AMM : Avec le recul et la prudence qu’impose l’exil, je suggérerais que nous attendions la dernière mouture qui sera arrêtée par les dernières instances.
Vous avez créé avec des membres de la diaspora gabonaise et africaine une association transnationale L’Institut Yanga-Nzinga que vous présidez.. Quels en sont les objectifs et les enjeux ?
AMM : L’Institut Yanga-Nzinga est une ONG, à caractère international, scientifique, économique et culturel qui promeut l’unité des peuples Kongo et fédère les intelligences .Il regroupe des personnalités de renom du monde universitaire et scientifique, du monde artistique et culturel, des milieux économiques et politiques et des notabilités traditionnelles.

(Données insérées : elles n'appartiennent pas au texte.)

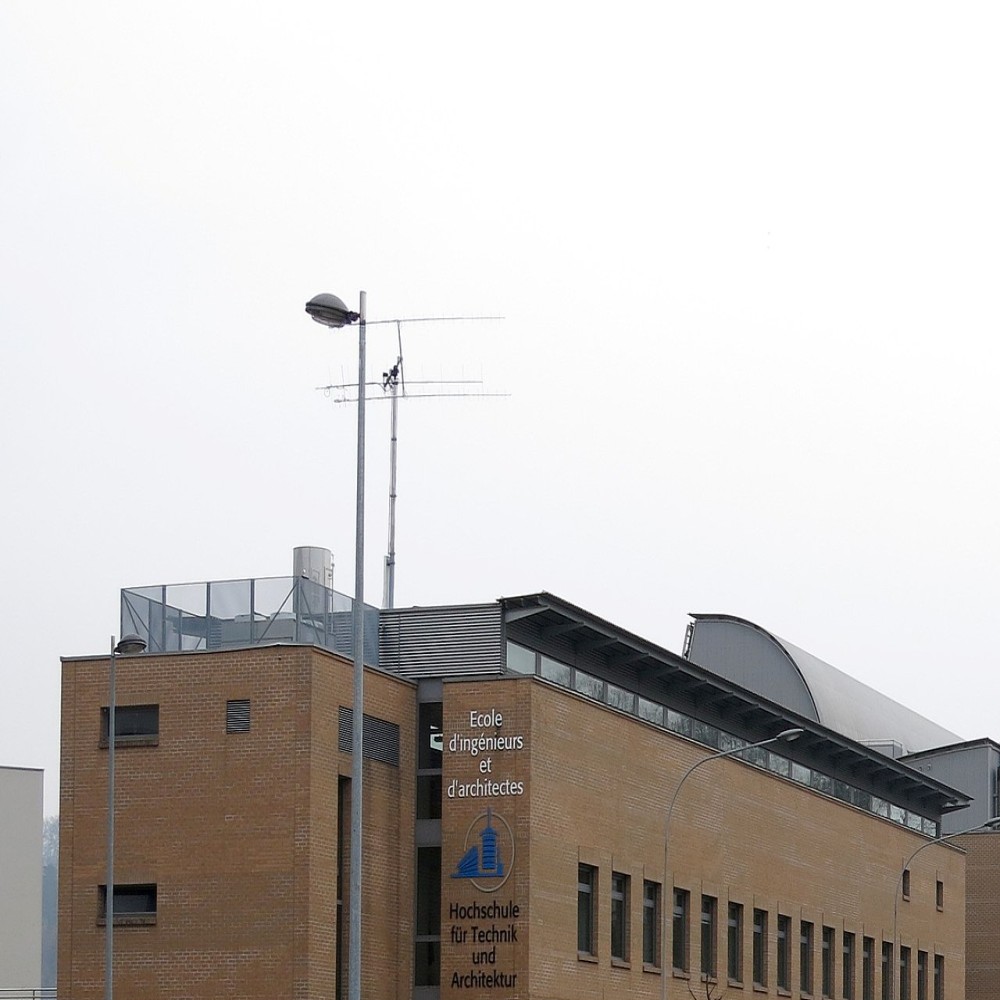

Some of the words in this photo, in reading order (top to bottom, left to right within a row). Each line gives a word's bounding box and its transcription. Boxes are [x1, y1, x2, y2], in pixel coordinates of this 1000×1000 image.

[470, 708, 503, 727] Ecole
[448, 732, 524, 756] d'ingénieurs
[479, 757, 492, 773] et
[447, 778, 524, 798] d'architectes
[449, 900, 520, 919] Hochschule
[451, 925, 467, 943] für
[471, 924, 518, 943] Technik
[472, 945, 496, 964] und
[451, 969, 517, 988] Architektur
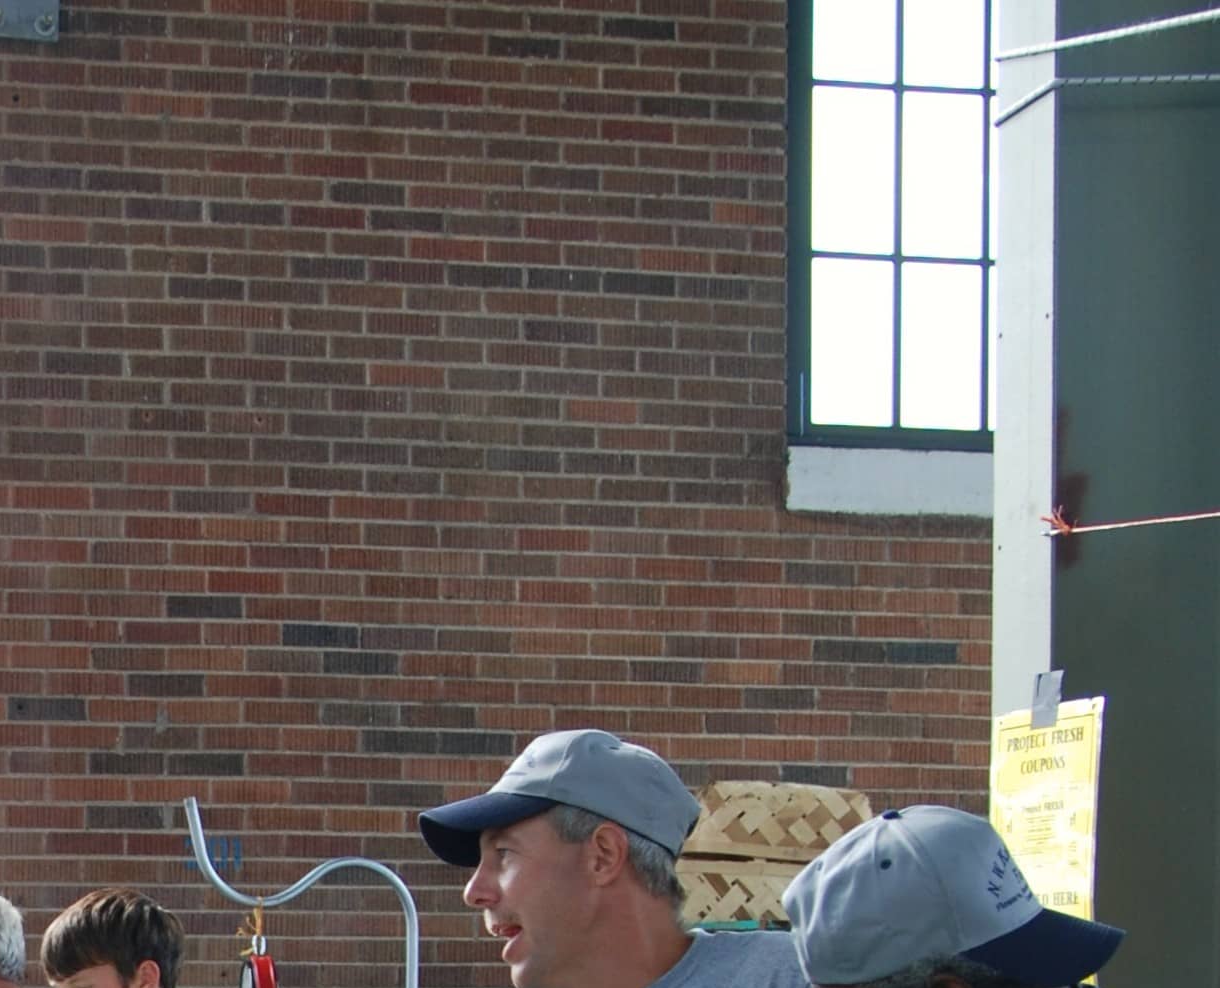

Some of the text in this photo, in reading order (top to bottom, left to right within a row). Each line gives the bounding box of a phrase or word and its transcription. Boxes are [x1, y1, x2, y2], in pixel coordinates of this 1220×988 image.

[1007, 726, 1084, 752] PROJECT FRESH
[1020, 756, 1066, 775] COUPONS

Il vise à créer un espace de rencontre de l’intelligentsia Kongo avec les décideurs publics, le monde de l’entreprise, la jeunesse, la société civile, en vue de rassembler les peuples Kongo d’Afrique et des diasporas, célébrer leur histoire et promouvoir leur culture et leur environnement.
Les impératifs du développement endogène de l’Afrique commandent ce retour aux sources et une inscription de notre culture comme clé de voûte de politiques publiques tournées vers le futur.
C’est par la prise de conscience, l’éveil de la conscience de l’univers Kongo que commence la renaissance des peuples Kongo, afin que de l’intelligence collective émanant des Rencontres Kongo émergent des projets au service de la collectivité et de la restauration de sa dignité et de son unité.
Quel est votre message à l’endroit des Gabonais ?
AMM : - Que les hommes politiques arrêtent d’exploiter l’ignorance de l’opinion pour nuire à mon image et se forger une réputation au service de leurs ambitions égoïstes, voire étriquées.
Que les Gabonais développent une capacité critique de discernement, face à toute information m’impliquant dans les actes délictueux de gestion, alors qu’un non-lieu a déjà été prononcé.
Que l’Etat gabonais apporte son appui total à l’Institut Yanga-Nzinga pour lequel je consacre l’essentiel de mon temps et qui œuvre pour faire de la culture la clé de voûte d’un développement endogène.